Members of the Chinese Human Rights Lawyers Group, March 8, 2019

Lu Tingge (卢廷阁) is a lawyer based in Shijiazhuang (石家庄), the capital of Hebei province. He is one of the newer faces in the community of human rights lawyers in China. In February he put forward a proposal to limit the legislative authorities of the Standing Committee of the National People’s Congress, and more than a thousand Chinese citizens signed to support the proposal. He has been missing since March 2. — The Editors  

We have learned from multiple sources that, on March 2, the Shijiazhuang-based lawyer Lu Tingge was taken away by officials of Shijiazhuang municipal Justice Bureau and his neighborhood police officers, and that his family and colleagues have not been able to get in touch with him for seven days as of today.

Lawyer Lu called his wife once on the evening of March 2, not using his own cell phone, but that of Xing Qiang (邢强), an official of the Bureau. Since then his family has not been able to get in touch with him.

We as lawyers believe this is a serious violation of a citizen’s basic human rights such as freedom of movement and freedom of communication. It is a typical act of enforced disappearance. Those who are involved in disappearing lawyer Lu Tingge have committed the crime of extralegal detention defined by Article 238 of the Criminal Law of the People’s Republic of China.
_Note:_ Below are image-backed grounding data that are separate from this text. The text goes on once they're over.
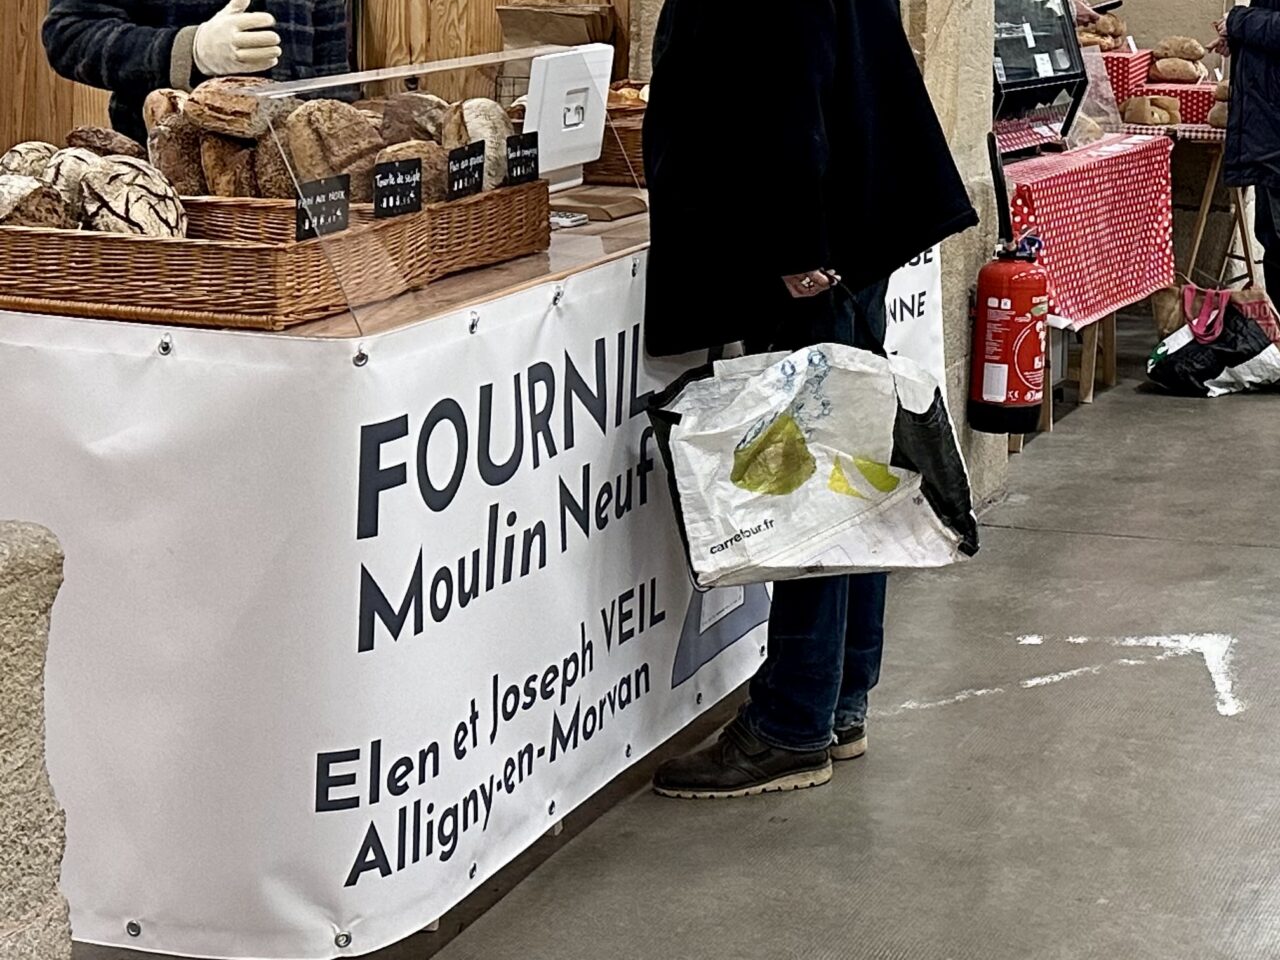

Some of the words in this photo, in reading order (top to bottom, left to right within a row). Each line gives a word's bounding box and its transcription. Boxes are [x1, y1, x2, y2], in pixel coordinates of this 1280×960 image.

[356, 323, 655, 540] FOURNIL
[357, 503, 547, 653] Moulin
[558, 426, 655, 554] Neuf
[315, 739, 440, 813] Elen
[453, 698, 480, 760] et
[489, 622, 594, 745] Joseph
[600, 577, 666, 653] VEIL
[343, 661, 651, 888] Alligny-en-Morvan
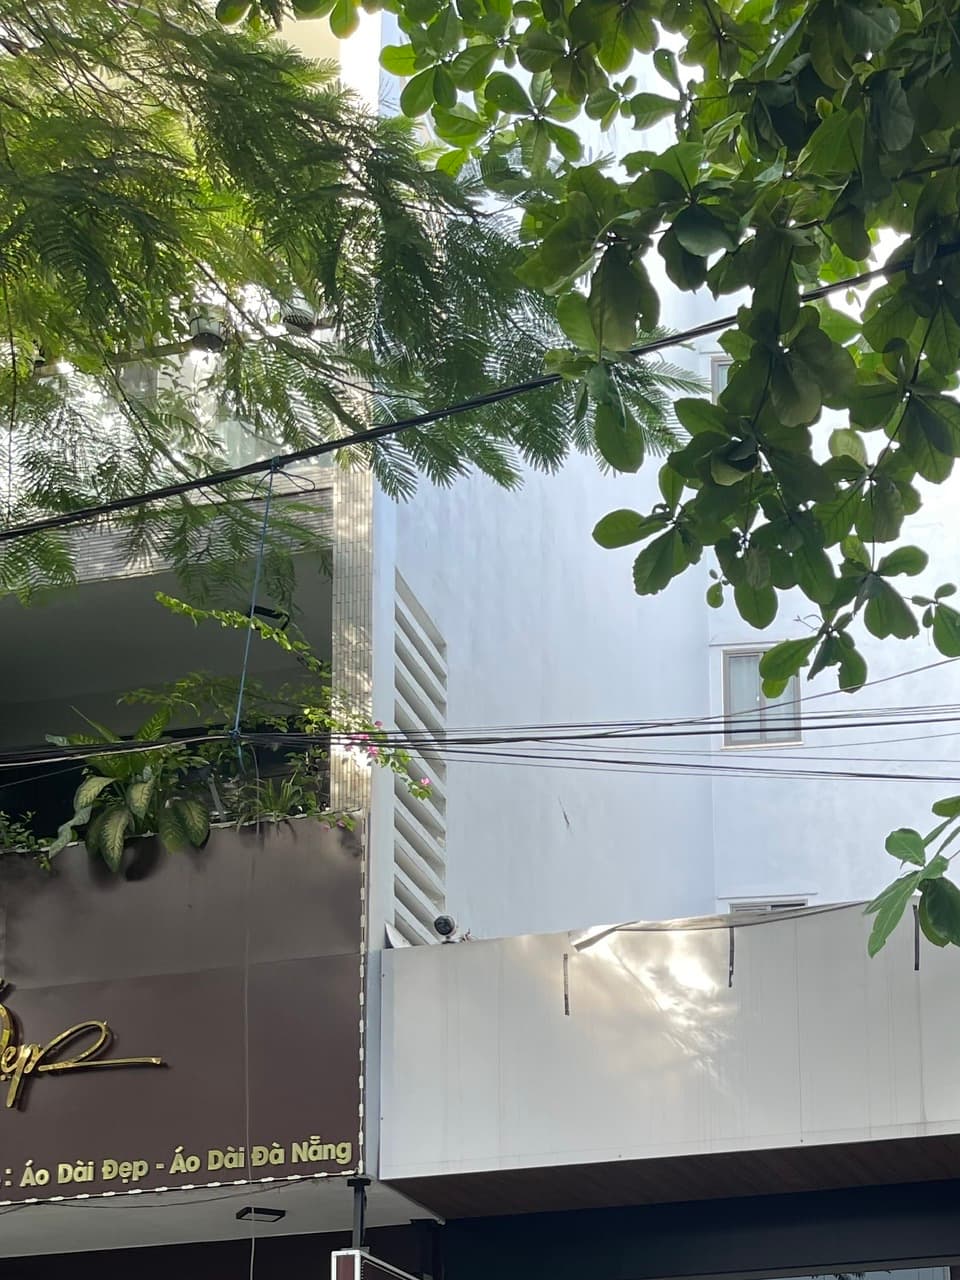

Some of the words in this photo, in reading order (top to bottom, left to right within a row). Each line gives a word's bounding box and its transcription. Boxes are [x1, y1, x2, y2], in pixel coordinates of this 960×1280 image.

[20, 1160, 50, 1187] Áo
[57, 1161, 95, 1184] Dài
[102, 1158, 149, 1184] Đẹp
[169, 1146, 201, 1174] Áo
[207, 1146, 245, 1171] Dài
[251, 1142, 285, 1167] Đà
[291, 1136, 353, 1165] Nẵng
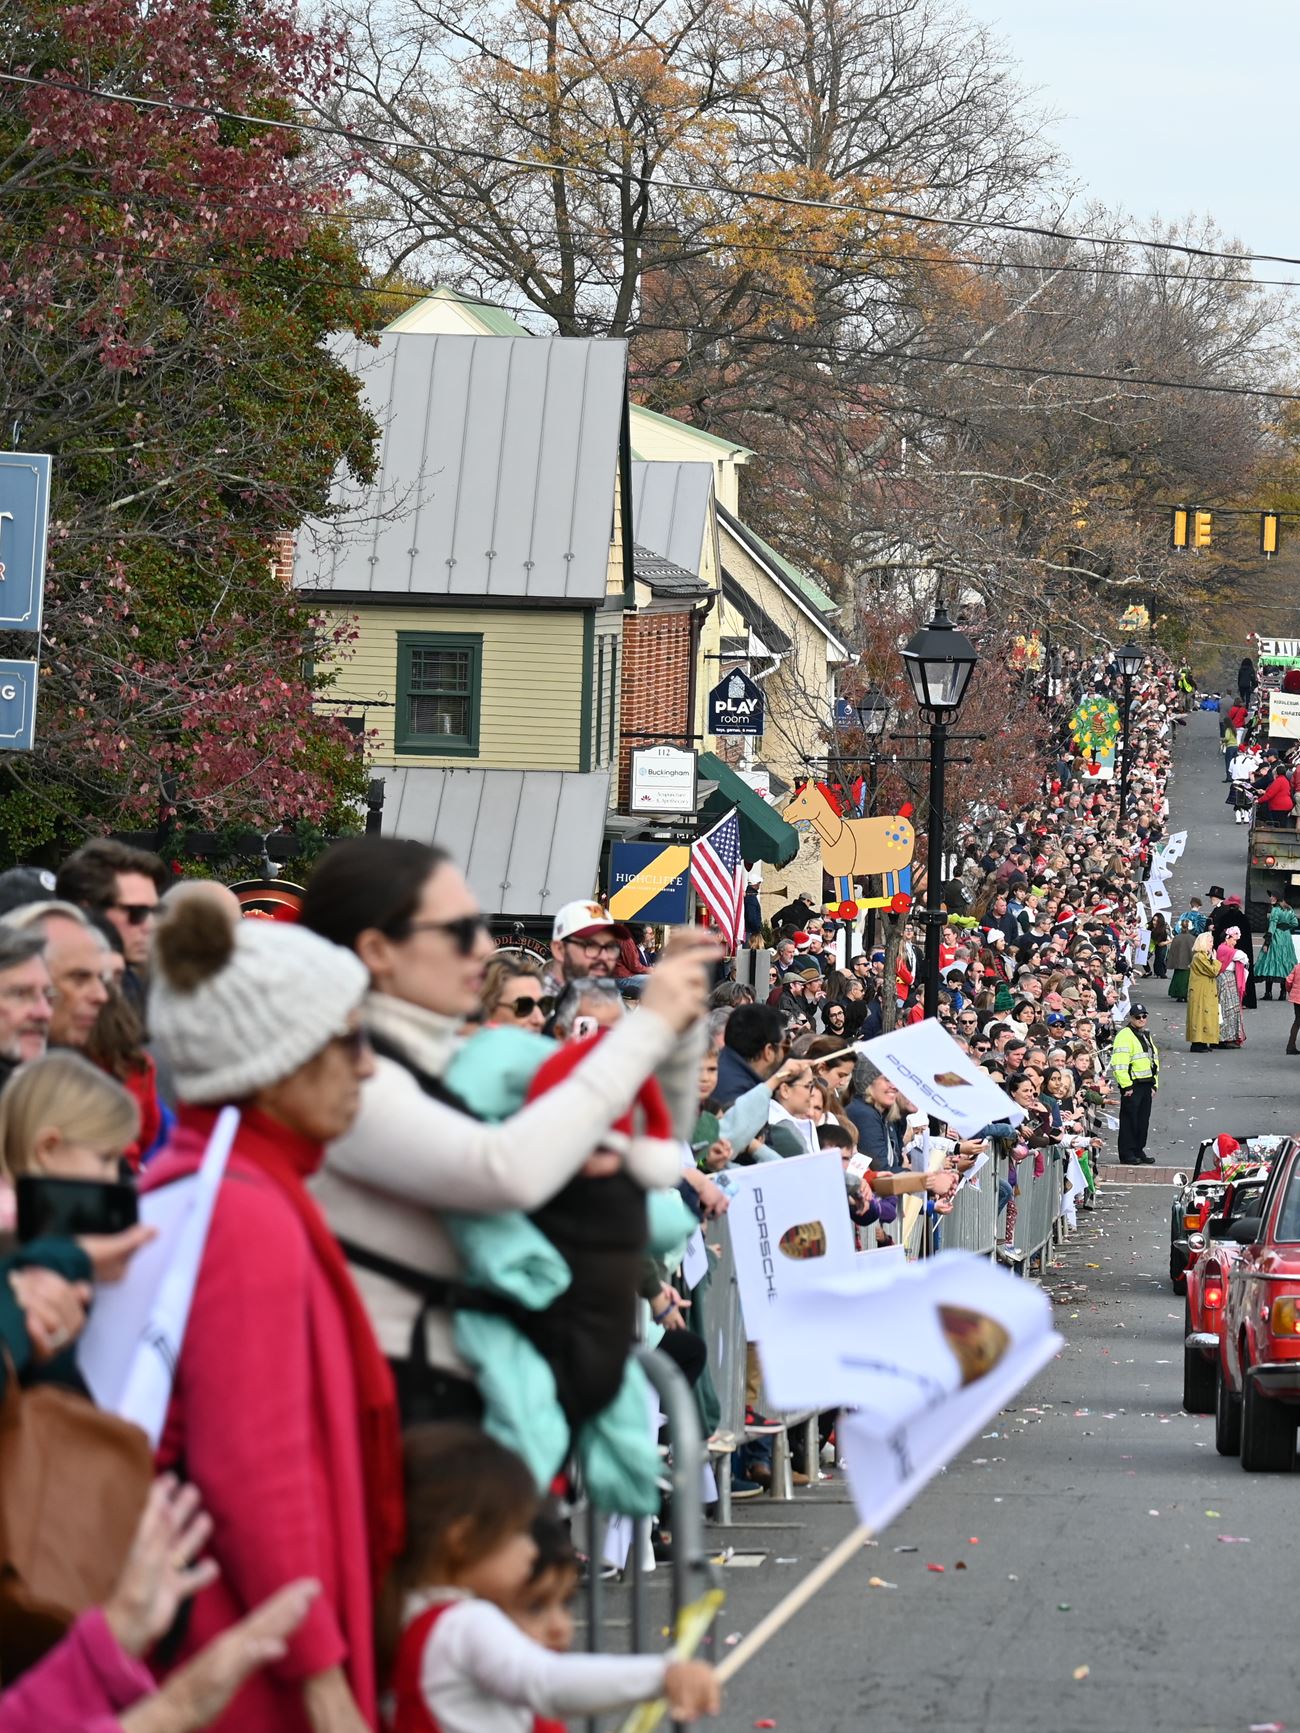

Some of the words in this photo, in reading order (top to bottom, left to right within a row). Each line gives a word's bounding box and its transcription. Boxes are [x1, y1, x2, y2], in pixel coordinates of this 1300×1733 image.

[715, 699, 758, 714] PLAY
[720, 715, 749, 723] room
[648, 768, 690, 777] Buckingham
[886, 1053, 968, 1117] PORSCHE
[753, 1187, 778, 1304] PORSCHE
We have reasons to believe that the enforced disappearance of lawyer Lu is probably related to his proposal for amending the Constitution and his gathering signatures of support because several lawyers who signed have been summoned for talks by officials of their local Justice Bureaus.
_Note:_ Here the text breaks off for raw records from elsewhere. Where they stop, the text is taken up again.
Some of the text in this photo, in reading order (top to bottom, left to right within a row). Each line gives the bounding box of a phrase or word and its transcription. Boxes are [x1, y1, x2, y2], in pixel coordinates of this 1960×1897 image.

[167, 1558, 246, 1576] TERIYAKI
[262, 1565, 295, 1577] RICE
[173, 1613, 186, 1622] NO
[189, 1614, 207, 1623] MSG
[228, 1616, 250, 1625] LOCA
Lawyer Lu’s disappearance reminds us of a number of human rights defenders whose freedom has been partially restricted for their expressions. We believe that:

First, it is immoral to secretly categorize and identify citizens for their expressions and political orientations; it is immoral to conduct secret and prolonged investigations of lawful citizens who are merely exercising their constitutional rights.

Second, it is illegal to forcibly evict or limit the movement of certain citizens based on such secret categorization and identification when the National People’s Congress (NPC), the Chinese People’s Political Consultative Conference (CPPCC), or the Chinese Communist Party’s national conference convenes, or on dates deemed particularly sensitive. It is a blatant contravention of constitutional rights and in opposition to the government’s claim of governing the country according to the law.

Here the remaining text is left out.